In the real world, you will have to measure the variance of values for a given number of players N. The mean value can be set to zero as long as we consider strength (and thus PQ) linear: we can always determine the average over all values and use it as an offset.

// Sum: i over N
mean_value = (1/N)*Sum( x(i) );
variance = 1/(N-1)*Sum( (x(i)-mean_value)^2 );

 

For this distribution, you can expect 68.3% of your players to fall within the [-width, width] interval (with mean_value being zero). Make the interval twice as large, and you will cover 95.4% of the player population. There is little point in trying to cover the fringe, as [-3*width, 3*width] will only bring you up to 99.7%. The distribution is symmetric with respect to the mean value: 50% of the players will be below the average value, 50% above, 34.15% will be in the interval [-width,0] and [0,width] each, and so on.

kreimeier_06.gif

Fig 4: Probability Density Function
Normal Gaussian Distribution
with unit variance and zero mean

Decisions and Uncertainty

Our algorithm requires us to make a guess on the expected result of an encounter between players, based on their relative strength, which in turn is approximated by the current PQ's. How do we calculate this? The simplest decision function is a hard threshold:

 


  // return expectation based on PQ
if ( pq > opponent.pq ) return 1;    // I win
if ( pq < opponent.pq ) return 0;    // opponent wins
return 0.5;                          // a draw

Using the threshold function is appropriate if there is no uncertainty in the game.

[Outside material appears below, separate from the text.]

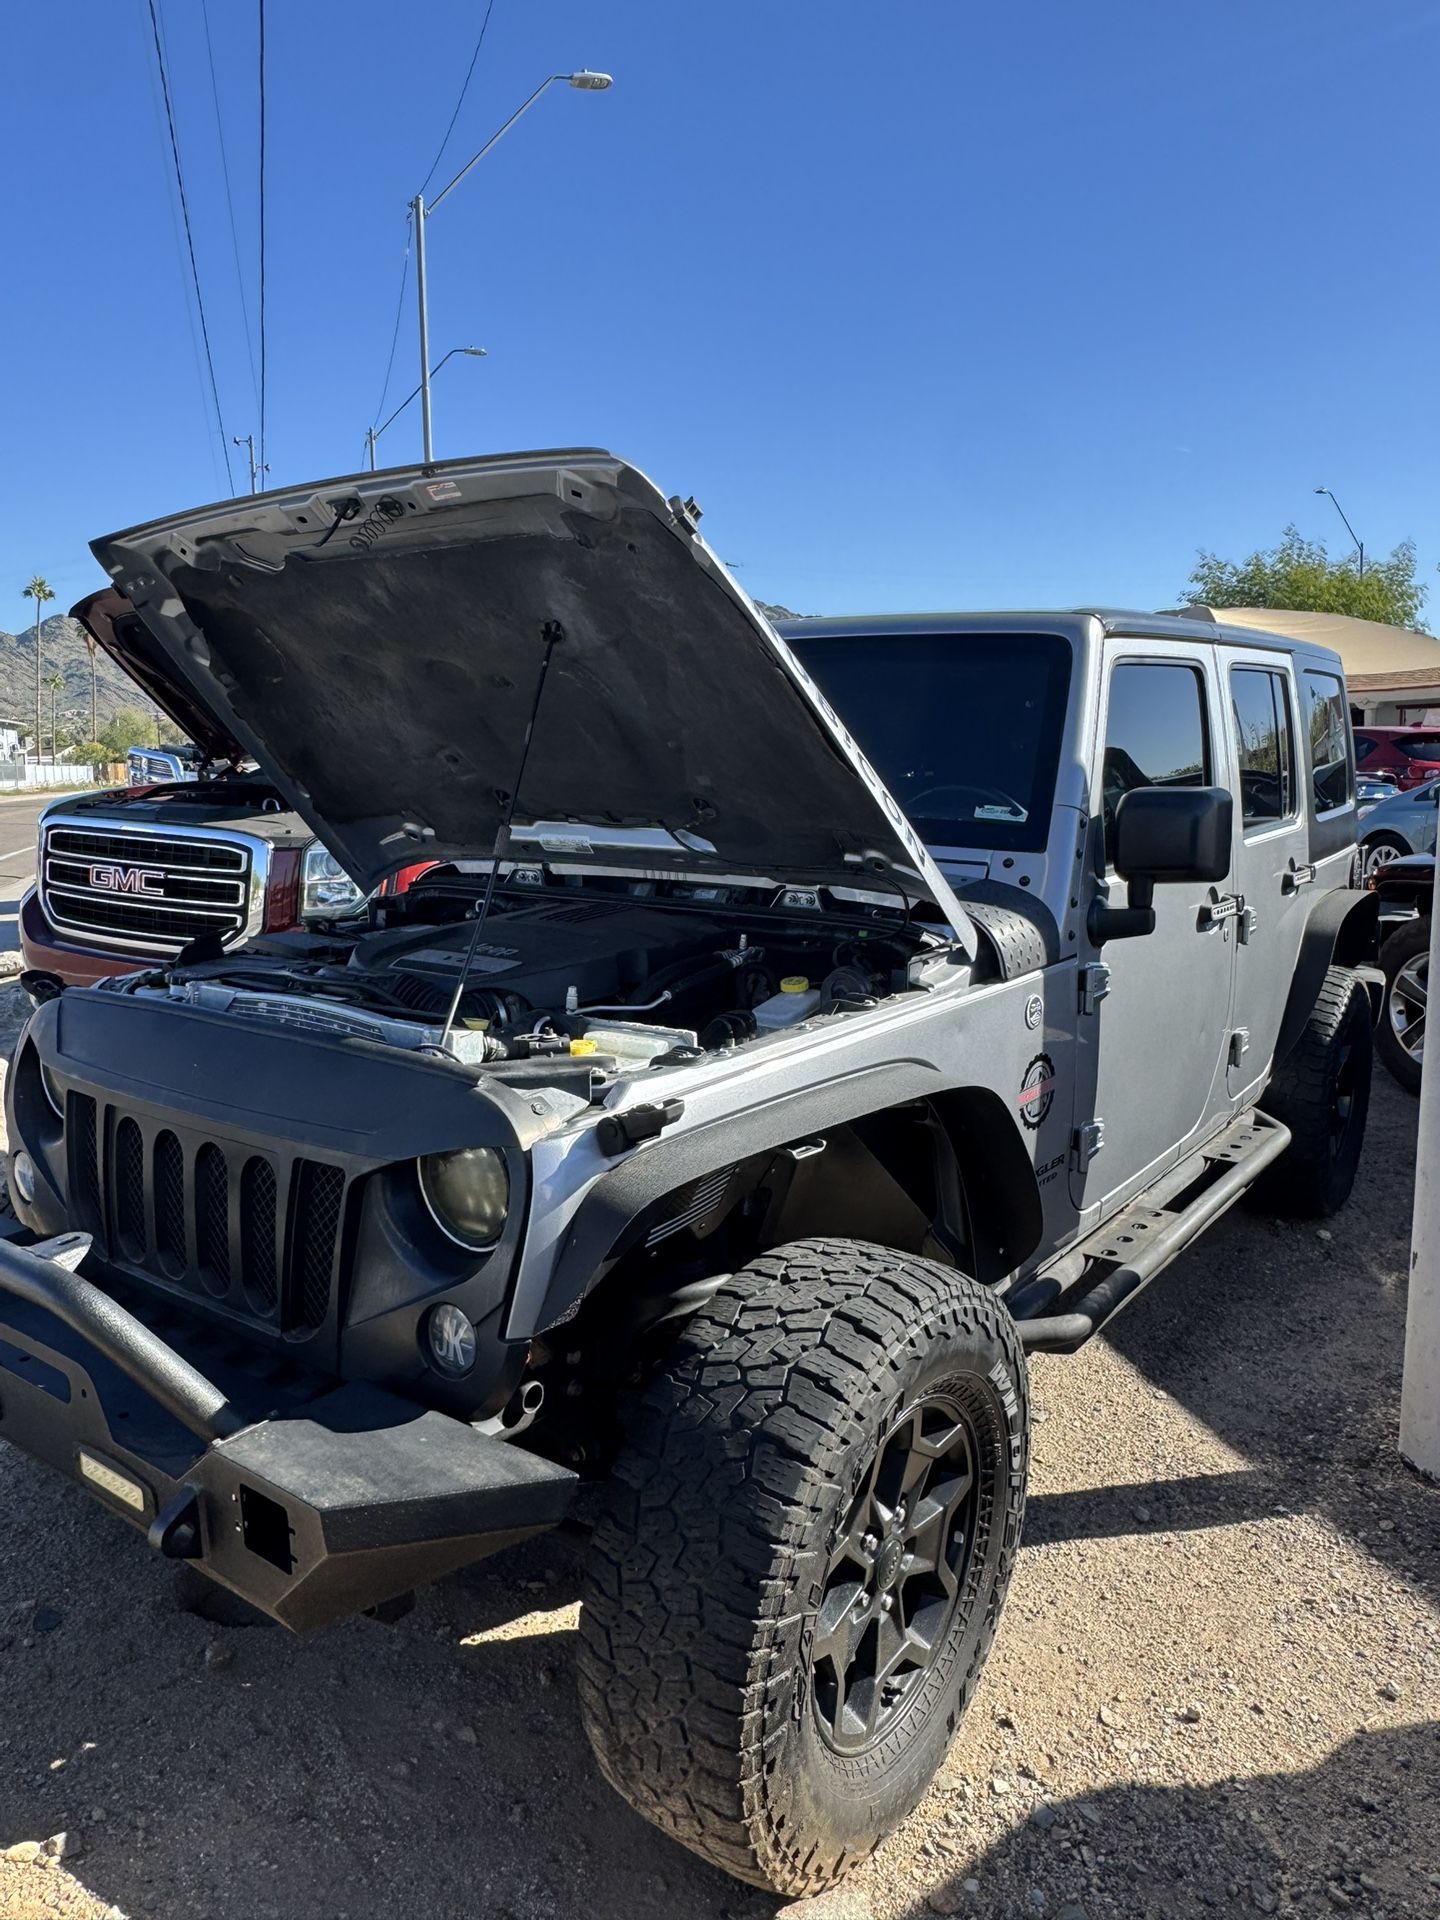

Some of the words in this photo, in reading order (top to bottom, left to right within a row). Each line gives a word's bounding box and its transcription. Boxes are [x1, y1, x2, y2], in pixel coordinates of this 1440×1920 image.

[90, 864, 165, 896] GMC
[1036, 1153, 1065, 1177] GLER
[435, 1317, 467, 1366] JK

In the real world, we will have to deal with some uncertainty: e.g. better players will occasionally lose against weaker oppponents. Our hope is that the average will be meaningful - that, over time, true skill will show itself in the accumulated results despite random noise.

To account for this, we need a softer decision function, one that is sensitive not just to the sign, but the magnitude of the difference in PQ. The expected average result - the probability of a given player beating a given opponent - should be a continuous, differentiable function of the difference in ratings. If the difference becomes arbitrarily large, the probabilities should approach zero (weaker player wins) and one (stronger player wins), respectively. In the case of two equally rated players, the expected average outcome should be 0.5 - not a just draw, but a 50-50 chance for each player.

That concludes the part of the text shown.